MATERIAL SHOWN
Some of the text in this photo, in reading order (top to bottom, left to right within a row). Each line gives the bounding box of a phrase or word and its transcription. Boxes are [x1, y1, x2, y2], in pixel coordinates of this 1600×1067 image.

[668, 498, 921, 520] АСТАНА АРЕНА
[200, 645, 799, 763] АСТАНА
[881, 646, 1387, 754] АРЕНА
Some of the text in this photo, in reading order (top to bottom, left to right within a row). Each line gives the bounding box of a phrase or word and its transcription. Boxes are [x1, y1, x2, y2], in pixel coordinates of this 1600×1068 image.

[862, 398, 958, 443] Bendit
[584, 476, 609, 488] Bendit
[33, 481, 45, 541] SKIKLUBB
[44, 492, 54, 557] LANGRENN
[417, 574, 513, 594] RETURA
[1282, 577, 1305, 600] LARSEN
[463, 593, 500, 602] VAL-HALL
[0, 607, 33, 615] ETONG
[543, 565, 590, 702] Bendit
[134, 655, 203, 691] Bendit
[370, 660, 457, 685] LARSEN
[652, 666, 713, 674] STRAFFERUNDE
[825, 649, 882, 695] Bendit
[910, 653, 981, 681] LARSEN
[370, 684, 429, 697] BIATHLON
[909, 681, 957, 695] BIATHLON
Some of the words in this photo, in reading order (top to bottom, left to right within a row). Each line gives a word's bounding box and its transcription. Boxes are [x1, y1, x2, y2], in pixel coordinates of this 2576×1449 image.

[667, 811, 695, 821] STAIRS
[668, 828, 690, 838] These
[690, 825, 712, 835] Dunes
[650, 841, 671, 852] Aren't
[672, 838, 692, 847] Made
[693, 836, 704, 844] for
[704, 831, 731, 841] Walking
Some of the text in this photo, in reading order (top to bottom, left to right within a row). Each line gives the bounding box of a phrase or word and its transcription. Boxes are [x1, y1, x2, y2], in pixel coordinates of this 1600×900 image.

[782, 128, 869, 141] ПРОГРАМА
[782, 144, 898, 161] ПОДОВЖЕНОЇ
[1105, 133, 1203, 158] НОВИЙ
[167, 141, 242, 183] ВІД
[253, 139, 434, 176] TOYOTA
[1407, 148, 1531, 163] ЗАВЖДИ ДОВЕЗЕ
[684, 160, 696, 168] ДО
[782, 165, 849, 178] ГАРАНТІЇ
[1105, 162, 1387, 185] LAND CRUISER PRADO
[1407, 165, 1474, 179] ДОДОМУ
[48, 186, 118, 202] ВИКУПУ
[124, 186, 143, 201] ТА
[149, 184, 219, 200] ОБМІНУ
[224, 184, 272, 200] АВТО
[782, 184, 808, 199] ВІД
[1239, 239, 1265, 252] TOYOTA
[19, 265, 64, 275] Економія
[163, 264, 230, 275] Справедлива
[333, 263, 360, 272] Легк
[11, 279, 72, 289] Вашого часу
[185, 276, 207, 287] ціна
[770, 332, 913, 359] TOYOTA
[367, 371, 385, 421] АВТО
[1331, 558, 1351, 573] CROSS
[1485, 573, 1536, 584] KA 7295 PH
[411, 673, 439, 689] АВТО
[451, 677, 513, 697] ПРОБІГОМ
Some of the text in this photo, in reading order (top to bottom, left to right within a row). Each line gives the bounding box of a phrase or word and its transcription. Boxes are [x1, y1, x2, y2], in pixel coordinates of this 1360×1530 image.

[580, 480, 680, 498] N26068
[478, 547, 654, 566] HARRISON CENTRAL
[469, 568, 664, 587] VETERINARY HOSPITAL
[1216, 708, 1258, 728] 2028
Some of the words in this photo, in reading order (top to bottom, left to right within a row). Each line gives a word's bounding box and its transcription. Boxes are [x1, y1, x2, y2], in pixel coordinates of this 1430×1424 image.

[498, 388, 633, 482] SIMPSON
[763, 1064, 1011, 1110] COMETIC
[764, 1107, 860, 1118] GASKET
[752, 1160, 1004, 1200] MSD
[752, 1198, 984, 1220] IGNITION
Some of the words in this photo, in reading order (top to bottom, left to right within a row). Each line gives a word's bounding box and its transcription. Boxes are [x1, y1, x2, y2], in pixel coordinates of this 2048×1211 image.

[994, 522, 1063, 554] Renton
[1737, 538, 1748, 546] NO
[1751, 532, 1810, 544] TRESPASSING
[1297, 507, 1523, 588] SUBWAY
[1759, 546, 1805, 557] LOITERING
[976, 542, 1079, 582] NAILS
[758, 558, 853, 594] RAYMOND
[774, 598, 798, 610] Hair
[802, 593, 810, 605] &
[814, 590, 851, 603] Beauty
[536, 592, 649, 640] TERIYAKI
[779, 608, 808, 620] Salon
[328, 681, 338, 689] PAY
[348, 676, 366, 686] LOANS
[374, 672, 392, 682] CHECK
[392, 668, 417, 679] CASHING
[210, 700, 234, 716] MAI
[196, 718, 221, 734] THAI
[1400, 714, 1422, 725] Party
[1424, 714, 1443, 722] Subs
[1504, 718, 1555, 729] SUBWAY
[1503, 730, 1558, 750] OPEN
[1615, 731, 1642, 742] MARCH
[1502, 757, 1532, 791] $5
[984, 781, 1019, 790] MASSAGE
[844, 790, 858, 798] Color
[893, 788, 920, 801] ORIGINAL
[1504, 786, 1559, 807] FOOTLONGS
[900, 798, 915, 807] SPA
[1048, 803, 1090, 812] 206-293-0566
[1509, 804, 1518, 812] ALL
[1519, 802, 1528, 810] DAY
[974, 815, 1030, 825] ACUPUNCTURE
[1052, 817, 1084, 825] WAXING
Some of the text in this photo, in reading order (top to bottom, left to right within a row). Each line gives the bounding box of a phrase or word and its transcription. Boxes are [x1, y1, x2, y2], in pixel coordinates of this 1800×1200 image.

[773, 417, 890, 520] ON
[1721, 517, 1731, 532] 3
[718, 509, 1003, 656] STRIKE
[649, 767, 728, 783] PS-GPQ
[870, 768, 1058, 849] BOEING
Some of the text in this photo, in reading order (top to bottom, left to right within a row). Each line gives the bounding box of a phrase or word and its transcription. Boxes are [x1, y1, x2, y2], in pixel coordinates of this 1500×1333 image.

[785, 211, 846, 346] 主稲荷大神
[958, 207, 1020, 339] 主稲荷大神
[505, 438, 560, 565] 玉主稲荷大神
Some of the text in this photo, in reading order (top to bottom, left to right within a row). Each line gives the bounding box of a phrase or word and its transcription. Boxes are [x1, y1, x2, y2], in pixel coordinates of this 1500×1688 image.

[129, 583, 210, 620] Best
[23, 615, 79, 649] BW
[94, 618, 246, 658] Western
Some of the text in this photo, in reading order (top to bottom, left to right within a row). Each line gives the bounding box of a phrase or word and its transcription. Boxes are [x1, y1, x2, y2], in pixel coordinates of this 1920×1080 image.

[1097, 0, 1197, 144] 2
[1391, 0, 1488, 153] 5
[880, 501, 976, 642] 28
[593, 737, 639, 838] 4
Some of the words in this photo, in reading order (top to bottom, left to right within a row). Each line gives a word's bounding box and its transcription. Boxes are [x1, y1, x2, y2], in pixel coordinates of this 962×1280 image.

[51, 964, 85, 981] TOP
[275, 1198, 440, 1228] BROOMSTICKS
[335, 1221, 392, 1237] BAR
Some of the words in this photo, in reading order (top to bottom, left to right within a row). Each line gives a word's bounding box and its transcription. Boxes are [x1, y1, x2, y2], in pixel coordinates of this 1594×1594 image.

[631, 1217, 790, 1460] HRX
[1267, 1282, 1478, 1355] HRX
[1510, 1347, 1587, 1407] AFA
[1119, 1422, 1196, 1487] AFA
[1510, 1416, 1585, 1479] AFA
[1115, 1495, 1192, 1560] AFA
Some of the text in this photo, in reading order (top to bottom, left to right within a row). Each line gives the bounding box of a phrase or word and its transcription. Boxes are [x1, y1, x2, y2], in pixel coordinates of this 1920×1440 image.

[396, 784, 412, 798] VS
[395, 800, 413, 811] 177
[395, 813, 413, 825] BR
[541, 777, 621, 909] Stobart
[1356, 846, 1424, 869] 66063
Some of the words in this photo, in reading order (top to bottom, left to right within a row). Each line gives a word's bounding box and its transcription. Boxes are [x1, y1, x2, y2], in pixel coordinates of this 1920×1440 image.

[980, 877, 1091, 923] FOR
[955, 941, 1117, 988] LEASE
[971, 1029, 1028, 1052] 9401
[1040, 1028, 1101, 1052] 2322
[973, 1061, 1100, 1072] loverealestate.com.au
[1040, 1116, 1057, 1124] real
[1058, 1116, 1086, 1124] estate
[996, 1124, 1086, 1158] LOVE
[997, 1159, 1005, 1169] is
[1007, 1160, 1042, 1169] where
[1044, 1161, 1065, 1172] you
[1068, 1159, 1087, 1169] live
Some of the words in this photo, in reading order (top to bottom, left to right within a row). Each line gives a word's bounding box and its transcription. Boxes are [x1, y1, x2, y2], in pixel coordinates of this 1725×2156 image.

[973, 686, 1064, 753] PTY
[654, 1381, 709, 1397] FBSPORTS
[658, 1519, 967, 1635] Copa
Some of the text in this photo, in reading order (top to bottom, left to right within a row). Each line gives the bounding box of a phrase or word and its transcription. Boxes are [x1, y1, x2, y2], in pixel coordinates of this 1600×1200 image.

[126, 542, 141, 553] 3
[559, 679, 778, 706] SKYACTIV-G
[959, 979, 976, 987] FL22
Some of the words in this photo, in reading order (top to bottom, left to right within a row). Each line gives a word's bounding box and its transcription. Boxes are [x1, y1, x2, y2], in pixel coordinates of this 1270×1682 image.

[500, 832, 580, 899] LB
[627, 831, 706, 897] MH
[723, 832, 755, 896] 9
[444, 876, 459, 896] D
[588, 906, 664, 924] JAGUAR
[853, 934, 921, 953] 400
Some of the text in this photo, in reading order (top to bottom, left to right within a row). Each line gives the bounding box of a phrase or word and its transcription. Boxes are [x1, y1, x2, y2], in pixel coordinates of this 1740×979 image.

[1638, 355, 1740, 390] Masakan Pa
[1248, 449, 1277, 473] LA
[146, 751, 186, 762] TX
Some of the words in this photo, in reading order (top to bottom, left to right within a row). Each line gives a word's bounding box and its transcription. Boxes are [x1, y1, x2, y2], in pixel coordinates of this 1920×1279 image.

PROBLEM STATEMENT
Restate the line containing "this 1740×979 image." and every remaining line of the records word for word. Add nothing.

PROBLEM SOLUTION
Some of the text in this photo, in reading order (top to bottom, left to right within a row). Each line gives the bounding box of a phrase or word and its transcription. Boxes are [x1, y1, x2, y2], in pixel coordinates of this 1740×979 image.

[1638, 355, 1740, 390] Masakan Pa
[1248, 449, 1277, 473] LA
[146, 751, 186, 762] TX
Some of the words in this photo, in reading order (top to bottom, left to right within a row). Each line gives a word's bounding box and its transcription. Boxes are [x1, y1, x2, y2], in pixel coordinates of this 1920×1279 image.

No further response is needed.